Das Interesse Saudi-Arabiens an KI ist schon seit einigen Jahren bekannt. Es ist Teil der Strategie von Kronprinz Mohammed bin Salman, die Abhängigkeit seines Landes von Erdölexporten bis zum Jahr 2030 zu verringern. Saudi-Arabien soll ein internationales Drehkreuz für KI werden mit Schwerpunkt auf der arabischen Welt. Seit 2022 bemüht sich das Land zielgerichtet darum, ausländische Firmen für Investitionen im KI-Sektor zu gewinnen. Im Februar 2025 aus Anlass der Technologieausstellung LEAP in Riad wurde bekannt, dass Saudi-Arabien mittlerweile Investitionszusagen in Höhe von 42,5 Mrd. US-Dollar aus dem Ausland erhalten hat. Darunter befinden sich Vorhaben zum Bau von Datenzentren und zu deren Versorgung mit Strom, zur Ausbildung von KI-Experten im Land und zur Entwicklung und Umsetzung unterschiedlicher Anwendungen.
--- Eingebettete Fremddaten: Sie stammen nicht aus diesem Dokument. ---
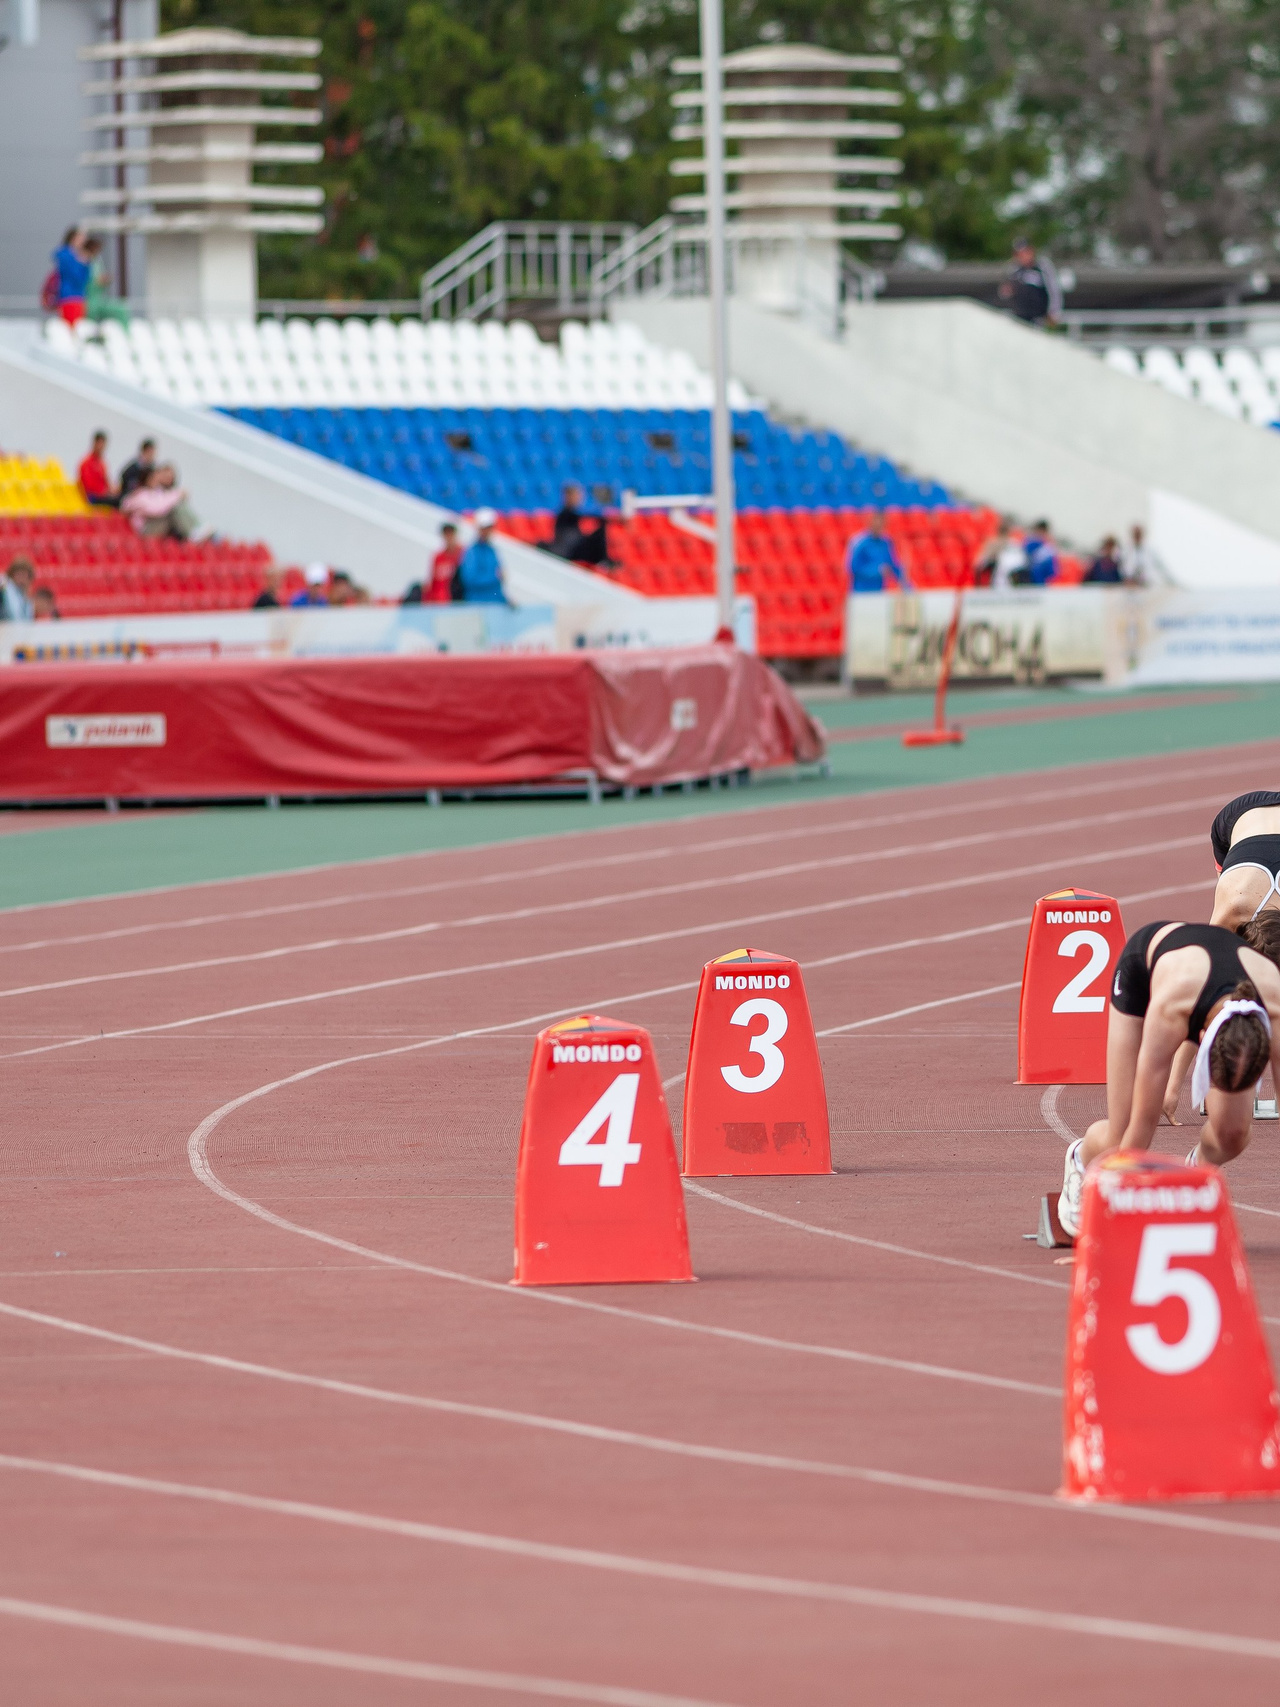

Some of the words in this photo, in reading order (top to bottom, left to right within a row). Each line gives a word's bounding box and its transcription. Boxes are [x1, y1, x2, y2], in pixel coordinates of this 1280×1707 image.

Im Mai 2025, kurz vor Trumps Besuch, hat der Staatsfond Saudi-Arabiens die KI-Firma Humain gegründet, die vor allem in vier Sektoren tätig sein wird: (1) Die Herstellung von großen Datenzentren der nächsten Generation, (2) die Entwicklung von KI-Infrastrukturen und Cloud-Technologien, (3) die Weiterentwicklung von KI-Modellen und Lösungen; und (4) die Entwicklung von multimodalen arabischsprachigen KI-Anwendungen. Humain ist auch gegründet worden, um die zentrale Anlaufstelle für ausländische Firmen zu sein. 

Die Hoffnungen Saudi-Arabiens auf eine zentrale Rolle in der sich entwickelnden internationalen KI-Ökonomie beruhen auf zwei Pfeilern: zum einen der Möglichkeit, große Energiemengen zu günstigen Preisen zur Verfügung zu stellen, zum anderen der Existenz eines regulatorischen Umfelds, das deutlich weniger restriktiv ist als dasjenige der Europäischen Union oder der USA unter Biden. Der hauptsächliche Nachteil ist der Mangel an Humankapital, sprich an ausgebildeten Experten.

Saudi-Arabien unterscheidet sich bezüglich des regulatorischen Rahmens deutlich von der EU. Dass das Ausmaß der Regulierung der EU im Bereich der KI ein Investitionshindernis sein kann, wurde auf dem KI-Gipfel in Paris im Februar 2025 deutlich. Hier kündigte die US-Administration eine Reduzierung der Regulierungen an, die die Biden-Administration erlassen hatte. Das europäische Regulierungssystem gerät damit in die Defensive. Es war der französische Präsident Emmanuel Macron, der die Gefahr kommen sah, dass Europa in dem jetzt anlaufenden weltweiten Wettlauf um die wichtigsten Datenzentren und Anwendungen benachteiligt wird. Diese Befürchtung Macrons scheint sich jetzt zu bestätigen.

Der Besuch Trumps hat den Ambitionen Saudi-Arabiens großen Auftrieb gegeben. Im Einzelnen wurden eine Vielzahl von Investitionszusagen wichtiger amerikanischer Tech-Unternehmen gemacht: 

  • Der Netzwerkausrüster Cisco vereinbarte mit Humain den Aufbau einer globalen KI-Infrastruktur, die offen, skalierbar, widerstandsfähig und kosteneffizient sein soll. Die Initiative sieht vor, die KI-Infrastruktur Saudi-Arabiens von Grund auf aufzubauen. Sie zielt darauf ab, Saudi-Arabien als weltweit führend im Bereich der digitalen Innovation zu positionieren. Über den finanziellen Umfang wurde nichts bekannt. Neben dem Netzwerkausbau verpflichtete sich Cisco zur Einrichtung eines KI-Instituts an der King Abdullah Universität für Wissenschaft und Technologie und zur digitalen Weiterbildung von 500.000 Personen.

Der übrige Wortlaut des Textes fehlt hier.